A paradoxical embolism may be the cause of a stroke in case of patent foramen ovale when other potential causes have been excluded. While transesophageal echocardiography (TEE) remains the gold standard, bed-side diagnosis for the neurologist is possible by means of transcranial echocardiography using a contrast agent that does not pass the lung. Previous studies have found the ultrasound test for right-to-left shunt (RLS) being g most sensitive when injection of contrast agent (preferable Echovist® due to higher sensitivity) is performed 5 seconds before a Valsalva maneuver. Quantification can be obtained by counting of the microbubbles observed at the middle cerebral artery or can follow an arbitrary 4-step categorization scheme according to the count of microbubbles (0, 1–10, 11–50 and „shower“ where single microbubbles cannot be discriminated).

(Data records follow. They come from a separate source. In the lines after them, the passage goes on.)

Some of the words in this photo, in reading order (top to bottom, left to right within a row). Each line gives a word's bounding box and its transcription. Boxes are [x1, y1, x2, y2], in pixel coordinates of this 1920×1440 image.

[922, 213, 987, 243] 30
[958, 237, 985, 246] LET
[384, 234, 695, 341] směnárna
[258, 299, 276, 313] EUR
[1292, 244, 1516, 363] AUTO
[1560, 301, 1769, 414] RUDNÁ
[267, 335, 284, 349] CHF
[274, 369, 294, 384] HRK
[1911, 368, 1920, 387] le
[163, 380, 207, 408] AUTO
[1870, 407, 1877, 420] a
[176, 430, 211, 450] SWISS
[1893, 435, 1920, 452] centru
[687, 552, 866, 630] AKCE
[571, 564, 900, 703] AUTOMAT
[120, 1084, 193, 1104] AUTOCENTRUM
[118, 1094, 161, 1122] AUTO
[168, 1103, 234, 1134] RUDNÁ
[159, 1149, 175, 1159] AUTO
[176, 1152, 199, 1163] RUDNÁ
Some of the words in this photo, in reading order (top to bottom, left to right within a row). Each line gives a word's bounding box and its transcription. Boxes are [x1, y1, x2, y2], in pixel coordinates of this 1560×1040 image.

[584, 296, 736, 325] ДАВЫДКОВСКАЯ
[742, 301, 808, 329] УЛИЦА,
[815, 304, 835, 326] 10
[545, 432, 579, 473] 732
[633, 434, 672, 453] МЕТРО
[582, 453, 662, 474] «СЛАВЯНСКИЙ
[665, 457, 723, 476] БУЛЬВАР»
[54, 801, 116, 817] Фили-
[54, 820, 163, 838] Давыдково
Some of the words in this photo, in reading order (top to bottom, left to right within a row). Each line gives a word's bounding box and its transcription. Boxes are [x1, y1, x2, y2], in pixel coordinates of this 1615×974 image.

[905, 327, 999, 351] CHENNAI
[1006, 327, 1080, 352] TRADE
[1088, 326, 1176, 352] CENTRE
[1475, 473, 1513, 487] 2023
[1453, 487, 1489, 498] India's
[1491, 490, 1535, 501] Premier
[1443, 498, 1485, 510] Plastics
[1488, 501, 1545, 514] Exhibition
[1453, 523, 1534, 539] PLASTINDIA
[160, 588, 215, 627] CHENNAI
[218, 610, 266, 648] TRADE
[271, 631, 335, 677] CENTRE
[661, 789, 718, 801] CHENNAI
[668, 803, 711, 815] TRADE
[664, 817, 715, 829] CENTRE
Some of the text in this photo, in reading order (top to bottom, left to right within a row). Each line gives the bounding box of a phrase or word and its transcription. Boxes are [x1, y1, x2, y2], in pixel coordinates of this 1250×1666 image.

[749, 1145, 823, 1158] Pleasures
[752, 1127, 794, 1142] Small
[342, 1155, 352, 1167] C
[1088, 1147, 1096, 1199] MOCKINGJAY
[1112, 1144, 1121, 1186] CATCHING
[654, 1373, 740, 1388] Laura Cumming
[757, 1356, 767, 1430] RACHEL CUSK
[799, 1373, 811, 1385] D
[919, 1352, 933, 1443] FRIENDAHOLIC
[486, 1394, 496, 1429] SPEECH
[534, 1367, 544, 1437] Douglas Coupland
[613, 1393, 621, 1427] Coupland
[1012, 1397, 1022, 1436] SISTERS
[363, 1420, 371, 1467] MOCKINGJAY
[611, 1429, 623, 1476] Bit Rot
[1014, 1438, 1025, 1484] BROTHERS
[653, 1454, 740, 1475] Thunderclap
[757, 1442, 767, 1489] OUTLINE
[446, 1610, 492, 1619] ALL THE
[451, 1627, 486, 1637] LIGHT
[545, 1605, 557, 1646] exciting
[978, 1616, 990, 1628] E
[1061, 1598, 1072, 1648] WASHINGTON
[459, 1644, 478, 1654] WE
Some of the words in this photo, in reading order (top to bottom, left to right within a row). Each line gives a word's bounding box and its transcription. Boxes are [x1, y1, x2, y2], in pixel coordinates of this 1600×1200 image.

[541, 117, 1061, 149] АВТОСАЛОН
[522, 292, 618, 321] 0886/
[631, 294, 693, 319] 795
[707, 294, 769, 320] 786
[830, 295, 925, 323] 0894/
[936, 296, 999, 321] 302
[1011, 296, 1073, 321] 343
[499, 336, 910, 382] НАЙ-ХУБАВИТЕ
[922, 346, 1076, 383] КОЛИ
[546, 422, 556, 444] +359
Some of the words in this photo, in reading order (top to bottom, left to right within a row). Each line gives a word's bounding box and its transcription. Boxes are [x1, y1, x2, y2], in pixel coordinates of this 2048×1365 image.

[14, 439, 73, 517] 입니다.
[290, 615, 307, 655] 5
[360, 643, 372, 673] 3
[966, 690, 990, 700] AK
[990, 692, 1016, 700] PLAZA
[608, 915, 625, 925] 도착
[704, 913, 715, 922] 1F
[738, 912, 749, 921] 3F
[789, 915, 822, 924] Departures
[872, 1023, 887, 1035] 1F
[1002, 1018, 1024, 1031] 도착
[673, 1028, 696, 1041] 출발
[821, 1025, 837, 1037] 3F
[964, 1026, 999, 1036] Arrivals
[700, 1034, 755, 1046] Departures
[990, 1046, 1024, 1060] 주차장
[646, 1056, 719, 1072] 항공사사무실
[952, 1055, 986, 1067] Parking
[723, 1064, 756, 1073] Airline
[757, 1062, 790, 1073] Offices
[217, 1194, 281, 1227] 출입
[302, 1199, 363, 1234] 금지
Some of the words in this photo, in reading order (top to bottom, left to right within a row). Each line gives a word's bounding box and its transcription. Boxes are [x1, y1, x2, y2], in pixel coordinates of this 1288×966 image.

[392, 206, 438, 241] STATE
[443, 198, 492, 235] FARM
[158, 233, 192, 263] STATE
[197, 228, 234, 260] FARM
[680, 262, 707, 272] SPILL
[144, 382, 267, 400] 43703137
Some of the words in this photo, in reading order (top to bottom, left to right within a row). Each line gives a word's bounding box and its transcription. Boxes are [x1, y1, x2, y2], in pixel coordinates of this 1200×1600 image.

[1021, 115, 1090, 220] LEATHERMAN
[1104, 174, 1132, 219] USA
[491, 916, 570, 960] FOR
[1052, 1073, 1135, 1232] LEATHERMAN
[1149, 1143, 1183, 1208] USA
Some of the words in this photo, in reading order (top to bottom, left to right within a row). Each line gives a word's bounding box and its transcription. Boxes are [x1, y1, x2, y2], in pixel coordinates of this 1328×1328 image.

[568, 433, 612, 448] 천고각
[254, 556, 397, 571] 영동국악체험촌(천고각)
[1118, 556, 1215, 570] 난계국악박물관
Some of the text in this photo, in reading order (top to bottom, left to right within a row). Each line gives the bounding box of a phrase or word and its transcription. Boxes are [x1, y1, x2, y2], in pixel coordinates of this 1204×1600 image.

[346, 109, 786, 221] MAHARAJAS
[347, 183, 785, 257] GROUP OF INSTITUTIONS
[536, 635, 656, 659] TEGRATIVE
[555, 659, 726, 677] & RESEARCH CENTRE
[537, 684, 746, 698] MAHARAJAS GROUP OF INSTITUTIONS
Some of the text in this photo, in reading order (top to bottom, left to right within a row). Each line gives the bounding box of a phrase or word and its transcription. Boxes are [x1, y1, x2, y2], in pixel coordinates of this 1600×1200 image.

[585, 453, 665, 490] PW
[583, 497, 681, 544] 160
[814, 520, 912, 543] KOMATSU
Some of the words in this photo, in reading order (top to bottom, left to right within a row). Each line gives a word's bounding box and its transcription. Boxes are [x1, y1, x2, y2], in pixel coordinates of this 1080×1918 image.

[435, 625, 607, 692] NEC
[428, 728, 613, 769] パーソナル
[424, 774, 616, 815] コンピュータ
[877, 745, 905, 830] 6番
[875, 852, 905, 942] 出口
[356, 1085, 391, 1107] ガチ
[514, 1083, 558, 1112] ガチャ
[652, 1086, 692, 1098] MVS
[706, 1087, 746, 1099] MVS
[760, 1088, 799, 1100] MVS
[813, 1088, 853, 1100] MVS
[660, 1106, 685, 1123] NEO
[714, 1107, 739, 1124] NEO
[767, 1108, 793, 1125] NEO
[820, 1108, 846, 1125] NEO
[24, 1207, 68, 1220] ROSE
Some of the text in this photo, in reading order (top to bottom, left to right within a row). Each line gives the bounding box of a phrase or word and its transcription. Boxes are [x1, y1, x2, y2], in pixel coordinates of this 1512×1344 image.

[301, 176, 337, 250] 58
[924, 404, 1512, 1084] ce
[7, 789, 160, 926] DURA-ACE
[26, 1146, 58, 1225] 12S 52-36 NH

In case of negative TEE examination, exclusion of non-cardiac RLS (e.g., pulmonary shunts) can be considered, however, reports of paradoxical embolism through non-cardiac RLS are rare. A correlation between functional impact of PFO and size of lesion could not be demonstrated in a study of 87 patients. In a follow-up study of 90 patients, there was no association of functional impact of RLS with recurrence rate, but due to the low recurrence (<1.6%/year) this might be the consequence of lack of power. Decisions about secondary prophylactic treatment should consider morphological issues such as atrial septal aneurysm and anamnestic details such as history of recent cerebrovascular ischemic event. and other causes of stroke such as hypertension, since a recent study found patients with hypertension after assumed paradoxical embolism being at increased risk for stroke recurrence. If hypertension in these patients is a concurrent or a supplementing cause of stroke still remains unclear.